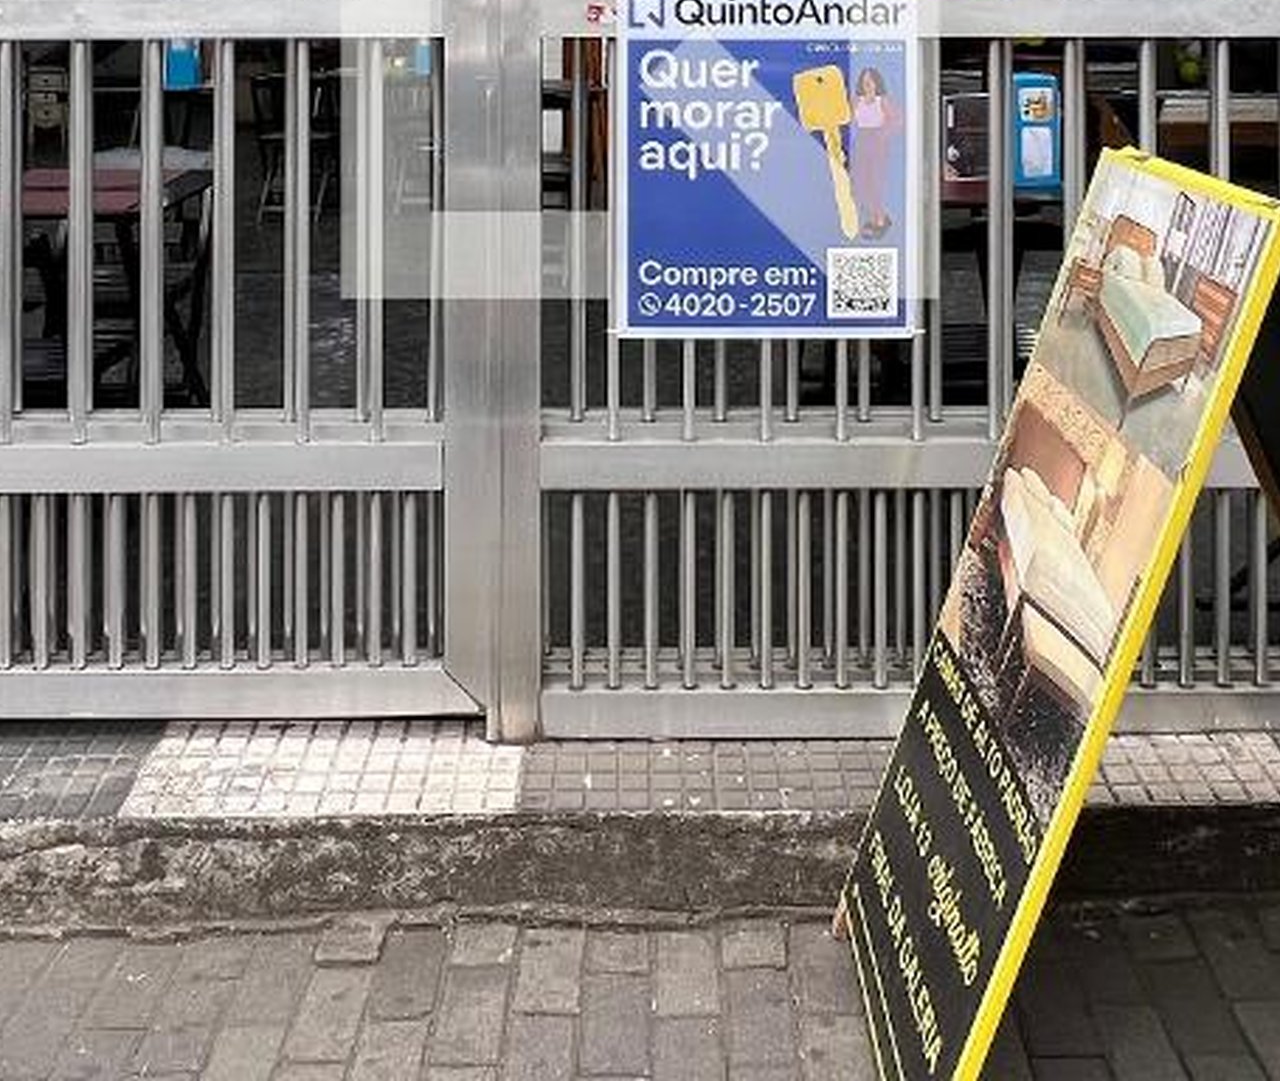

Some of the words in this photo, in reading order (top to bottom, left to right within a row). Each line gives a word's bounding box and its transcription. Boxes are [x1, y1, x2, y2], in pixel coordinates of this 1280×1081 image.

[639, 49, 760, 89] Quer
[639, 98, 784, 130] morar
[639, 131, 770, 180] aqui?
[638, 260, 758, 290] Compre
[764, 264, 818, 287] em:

* **Problem to solve**
Without the pictures, give back the entries exactly.

* **Completed task**
Some of the words in this photo, in reading order (top to bottom, left to right within a row). Each line gives a word's bounding box and its transcription. Boxes are [x1, y1, x2, y2], in pixel coordinates of this 1280×1081 image.

[639, 49, 760, 89] Quer
[639, 98, 784, 130] morar
[639, 131, 770, 180] aqui?
[638, 260, 758, 290] Compre
[764, 264, 818, 287] em:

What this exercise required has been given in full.